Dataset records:
□ □ □ □ □

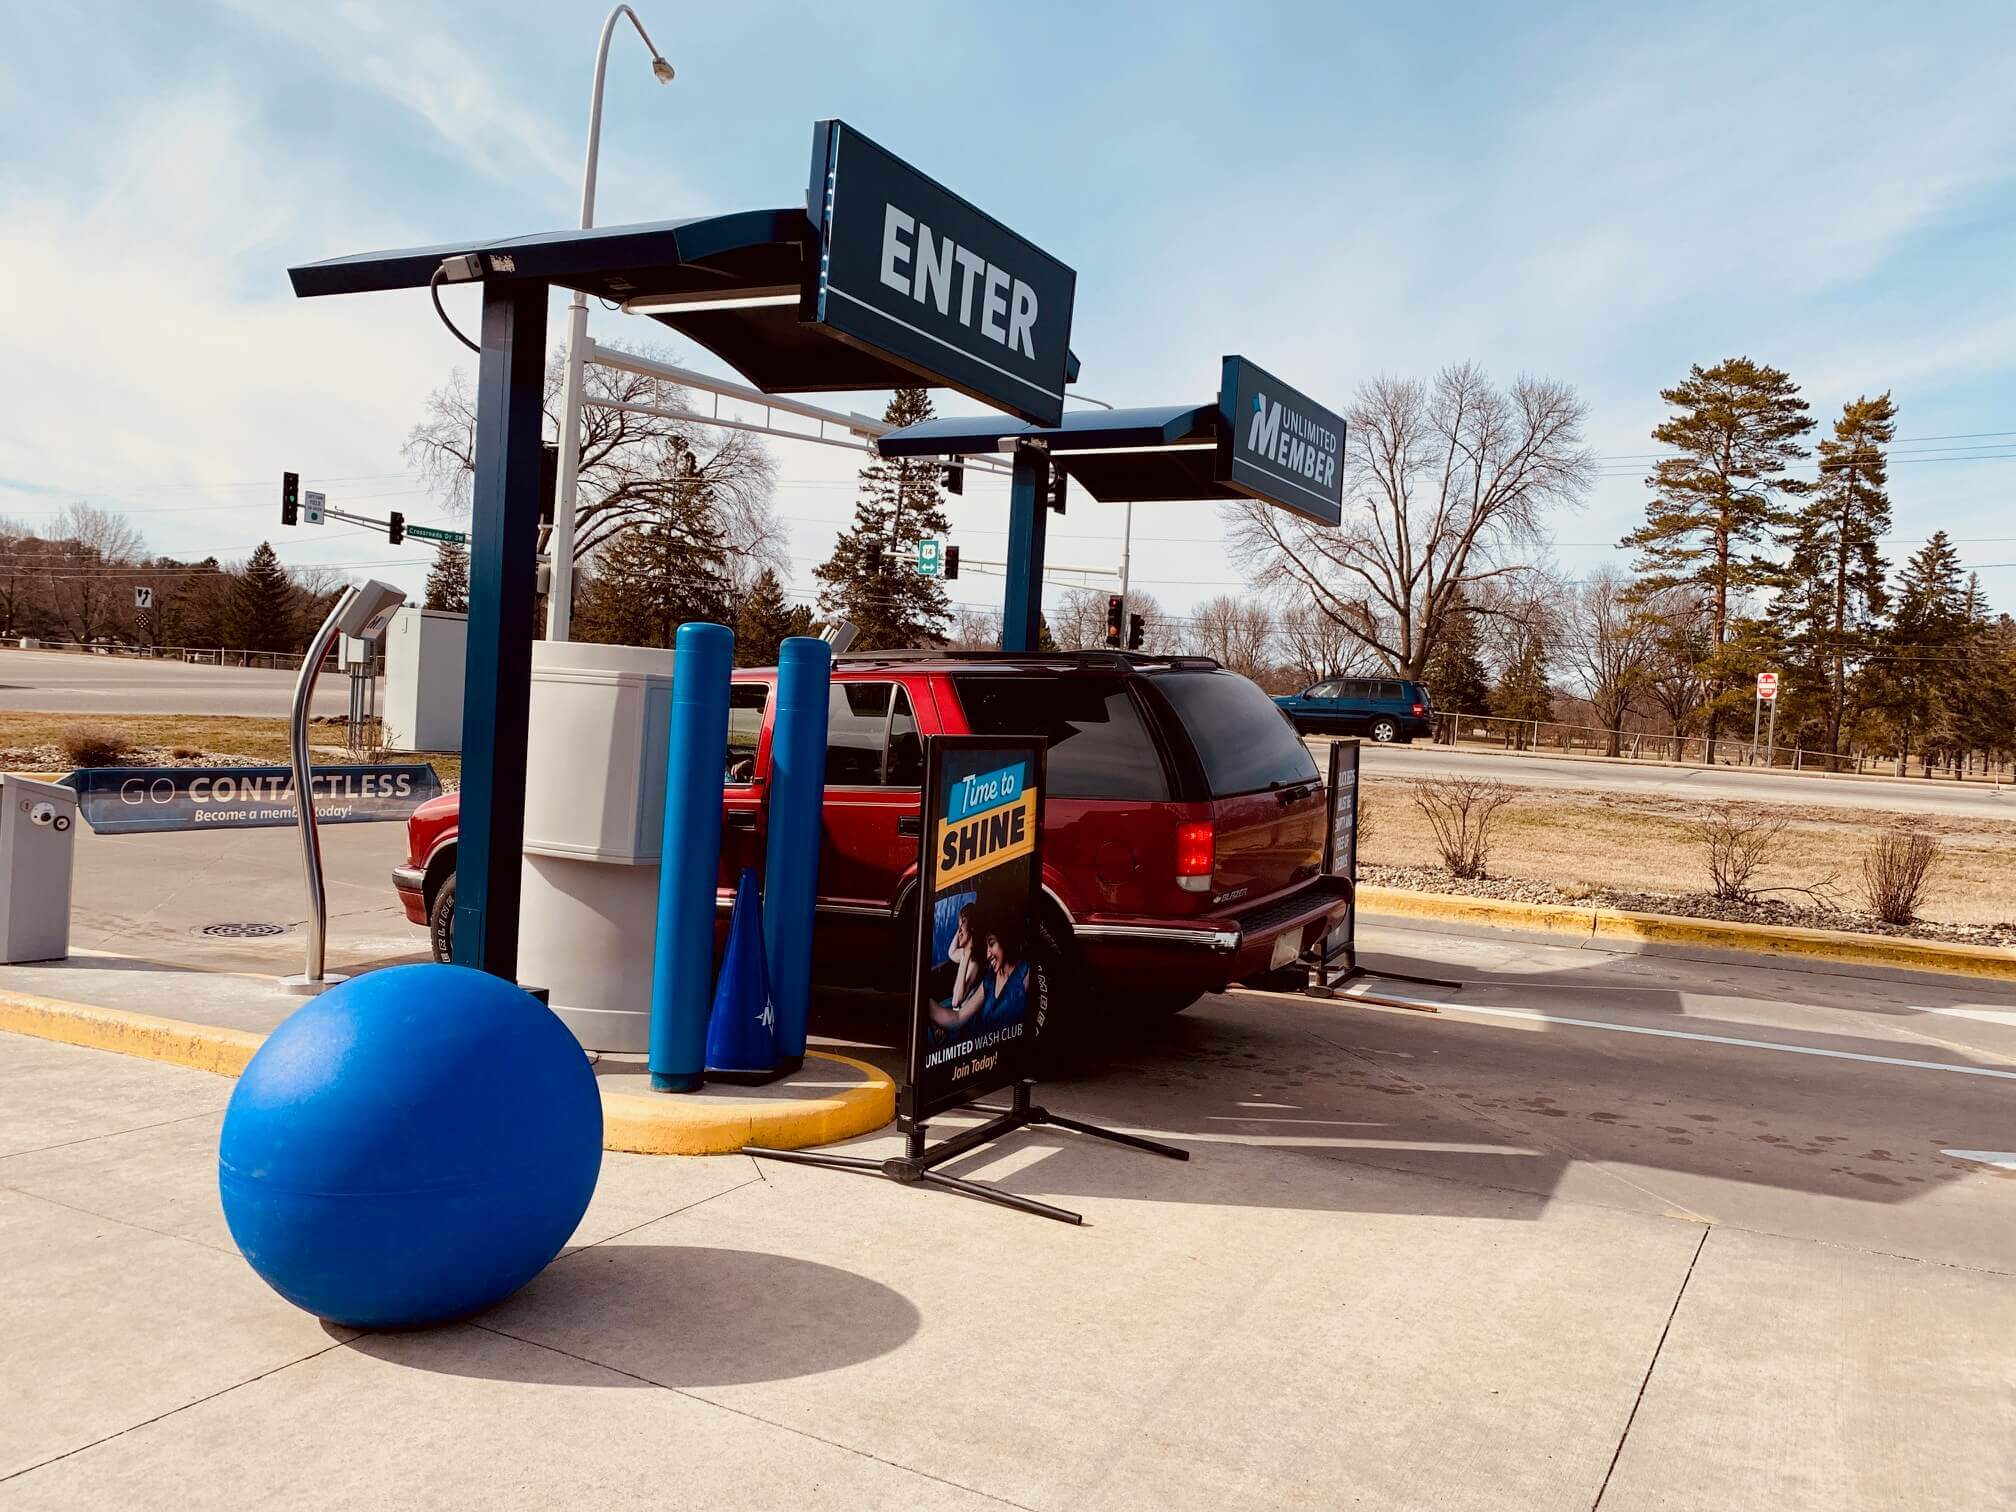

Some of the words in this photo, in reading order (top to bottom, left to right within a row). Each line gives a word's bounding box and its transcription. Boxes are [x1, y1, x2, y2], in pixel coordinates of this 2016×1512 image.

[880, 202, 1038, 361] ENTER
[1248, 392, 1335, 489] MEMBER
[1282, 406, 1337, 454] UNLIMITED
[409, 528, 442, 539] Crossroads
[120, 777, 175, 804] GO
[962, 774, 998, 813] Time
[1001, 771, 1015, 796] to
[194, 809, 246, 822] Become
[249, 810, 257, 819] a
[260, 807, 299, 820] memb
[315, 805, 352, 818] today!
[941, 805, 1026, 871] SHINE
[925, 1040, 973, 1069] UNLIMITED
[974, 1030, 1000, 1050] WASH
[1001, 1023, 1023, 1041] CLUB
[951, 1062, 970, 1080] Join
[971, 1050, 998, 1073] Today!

□ □ □ □ □

Task to complete
Please set down the records exactly, and keep every image out of the copy.

The answer
Some of the words in this photo, in reading order (top to bottom, left to right within a row). Each line gives a word's bounding box and its transcription. Boxes are [x1, y1, x2, y2], in pixel coordinates of this 2016×1512 image.

[880, 202, 1038, 361] ENTER
[1248, 392, 1335, 489] MEMBER
[1282, 406, 1337, 454] UNLIMITED
[409, 528, 442, 539] Crossroads
[120, 777, 175, 804] GO
[962, 774, 998, 813] Time
[1001, 771, 1015, 796] to
[194, 809, 246, 822] Become
[249, 810, 257, 819] a
[260, 807, 299, 820] memb
[315, 805, 352, 818] today!
[941, 805, 1026, 871] SHINE
[925, 1040, 973, 1069] UNLIMITED
[974, 1030, 1000, 1050] WASH
[1001, 1023, 1023, 1041] CLUB
[951, 1062, 970, 1080] Join
[971, 1050, 998, 1073] Today!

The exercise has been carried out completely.